We love computers and other electronics, but — not unlike an addict’s opinion of his dealer — we hate the companies that sell them to us. Now our contempt for Silicon Valley is expanding to include tech workers.

In San Francisco, where locals know the techies best, 30-year-old worker bees are taking as much heat as their billionaire CEO overlords.

Geographical familiarity breeds political contempt.

Just as Zuccotti Park gave birth to Occupy Wall Street’s clarion cry against the predator class henceforth to be known as the Banksters, San Francisco bus stops have become ground zero in a backlash against Big Tech. Oversized SUV-like buses that ferry Google staffers down the Peninsula provoke anger by clogging public transit stops in a city whose crumbling fleet of city vehicles is starved of funding. Private tech company buses have been blocked by protesters who object to gentrification fueled by the soaring rents paid by deep-pocked tech workers. A bus window got smashed. Across the bay in Berkeley, demonstrators even showed up at the home of a Google engineer to hold him to account for his dual role as tech dystopian (he runs Google’s creepy robot car project) and real estate developer.

Save for a window and a few Google worker tardy notices, nothing has been harmed. Days of Rage this ain’t.

Despite the relative mellowness of it all, any hint that American leftism is livelier than a withered corpse prompts establishmentarians into anxious fits that the streets will soon run red with the blood of fattened-on-organic-veal-and-green-smoothies technorati. In Salon, the usually steady Andrew Leonard lectured San Francisco’s dispossessed that street actions like slashing bus tires are “bullshit,” opining that “delivering passionate rhetoric at a public hearing on city policy toward private shuttles is part and parcel of how a democratic society operates.” (Or doesn’t operate, by his very own account.)

“This is a very dangerous drift in our American thinking,” Tom Perkins, an 82-year-old venture capitalist who helped fund the initial launch of Google, wrote in an instantly infamous letter to the The Wall Street Journal, comparing dislike of 1%ers to Nazi attacks on Jews. “Kristallnacht was unthinkable in 1930; is its descendant ‘progressive’ radicalism unthinkable now?” (Note to Perkins: You’re old enough to remember that Nazism was a right-wing movement.)

“With spokesmen like Mr. Perkins,” David Streitfeld responded in The New York Times, “the tech community will alienate the entire country in no time.”

Gallup’s 2011 poll of public perceptions found that Americans view the tech sector more positively than any other industry but that, I think, is not going to last. Because there are lots of good reasons to hate Big Tech.

The root of our contempt for the tech biz is that all our economic eggs are in their basket. Manufacturing is never coming back. Whatever chance the U.S. economy has of recovering from the 2008-09 collapse (and, for that matter, the 2000-01 and 1989-93 recessions) lies with the tech sector. But the technies don’t care. And they’re barely employing anyone.

Facebook has 6,300 employees, Twitter has 2000, Instagram has 13.

The Big Three auto companies each employ between 2.5 million and 3 million workers directly or through subsidiaries and contractors.

It’s not like Facebook couldn’t use more American workers. Because Mark Zuckerberg can never grab enough loot for himself, Facebook does without the basics, like customer service reps. They don’t even have a phone number.

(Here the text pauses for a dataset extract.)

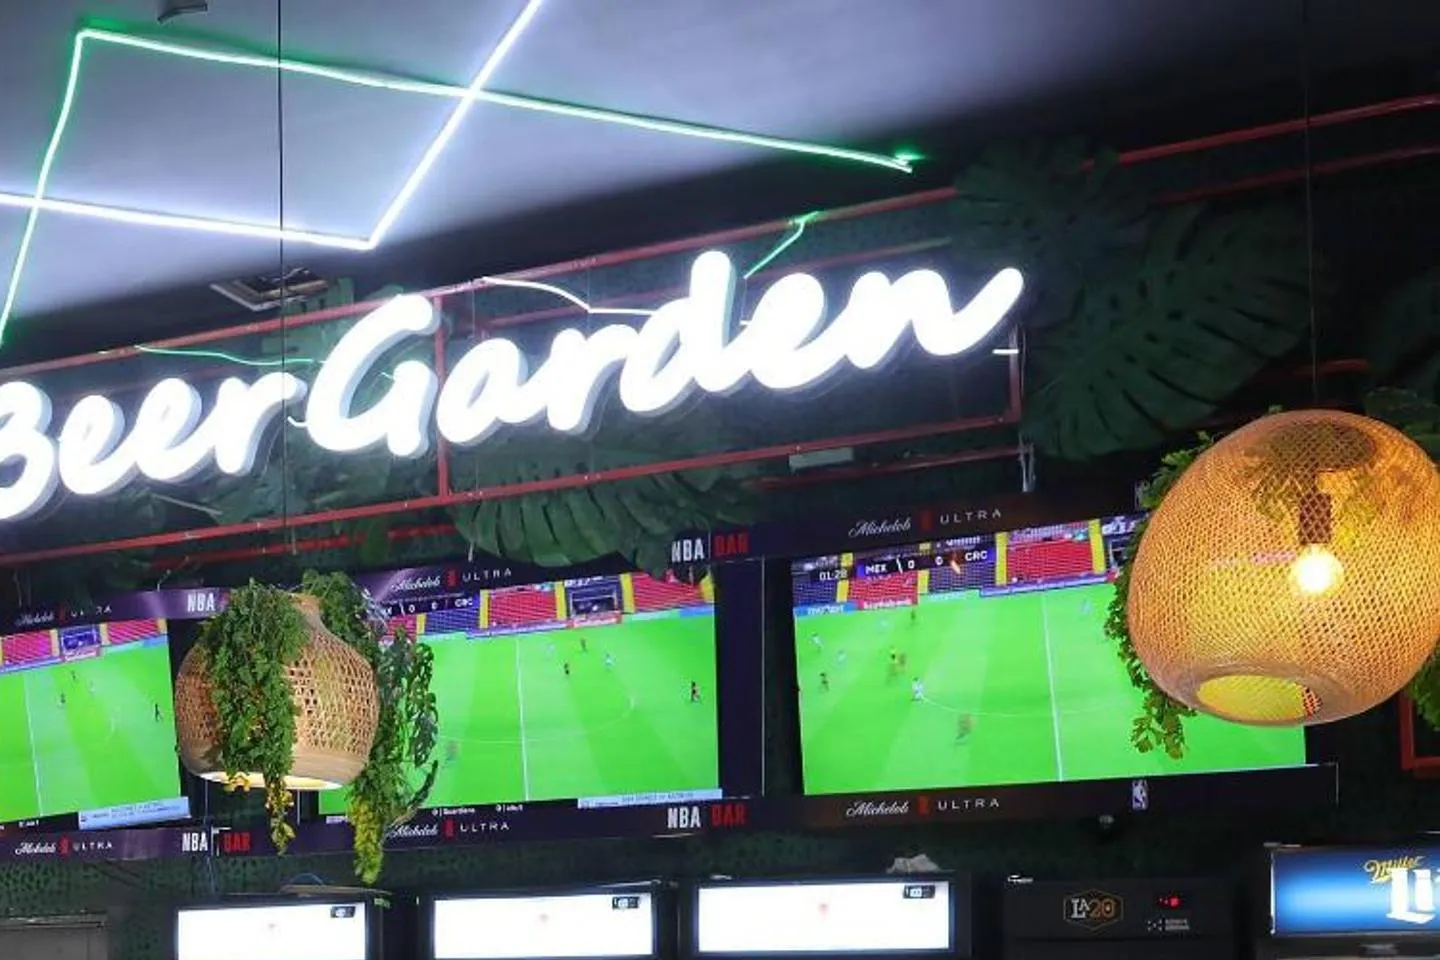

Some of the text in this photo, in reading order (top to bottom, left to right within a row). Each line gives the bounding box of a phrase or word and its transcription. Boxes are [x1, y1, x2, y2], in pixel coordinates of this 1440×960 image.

It’s hard to feel warm and fuzzy about companies that don’t hire us, our neighbors or, well, anyone at all.

Or answer the phone.

Fair or not, we feel vested in tech. The average American spends thousands of dollars a year on electronics and tech-related services, including broadband Internet. Objectively, we spend more on housing, food and energy — but those expenditures feel impersonal. Unlike our devices, we’re not constantly reminded of them.

Smartphones, tablets and desktop computers are central to our minute-by-minute lives, serving as a constant reminder of our material support to the digerati.

Every time we pick up our iPhone, we recall the $400 we spent on it. (And the $300 on its once cool, now lame, two-year-old precursor.) This makes us think of historic, extravagant profits pocketed by their makers. We can’t help but remember the over-the-top paychecks collected by their makers’ CEOs, including the incompetent ones. Also popping to the front of our consciousness is the despicable outsourcing of manufacturing to slave labor contracting firms like Foxconn, where abused Chinese workers attempt suicide so often that the company had to install netting around dormitory windows. Charmingly, Foxconn began requiring new hires to sign an agreement releasing the company from liability if they kill themselves.

Few industries gouge consumers as ferociously as wildly profitable tech outfits like Microsoft, Adobe and Apple.

Not only have Americans been reamed by Big Tech — they know they’ve been reamed. Which sets the stage for big-time resentment.

In the past, wealthy companies and individuals mitigated populist resentment by paying homage to the social contract — i.e., by giving back. Henry Ford paid assembly line workers more than market rates because he wanted them to be able to afford his cars. 19th century robber barons like J.P. Morgan and Cornelius Vanderbilt built museums and contributed to colleges and civic organizations. These gestures helped keep socialism at bay.

Whether it’s due to the influence of technolibertarianism, pure greed or obliviousness, tech titans are relative skinflints compared to the manufacturing giants they’ve supplanted. Yes, there’s the Bill and Melinda Gates Foundation (though its “philanthrocapitalism” model is staggeringly ineffective). But Steve Jobs kept almost every cent. Facebook and Twitter are basically “non-players” in the philanthropy world. Google doles out roughly 0.02% of its annual profits in charitable grants.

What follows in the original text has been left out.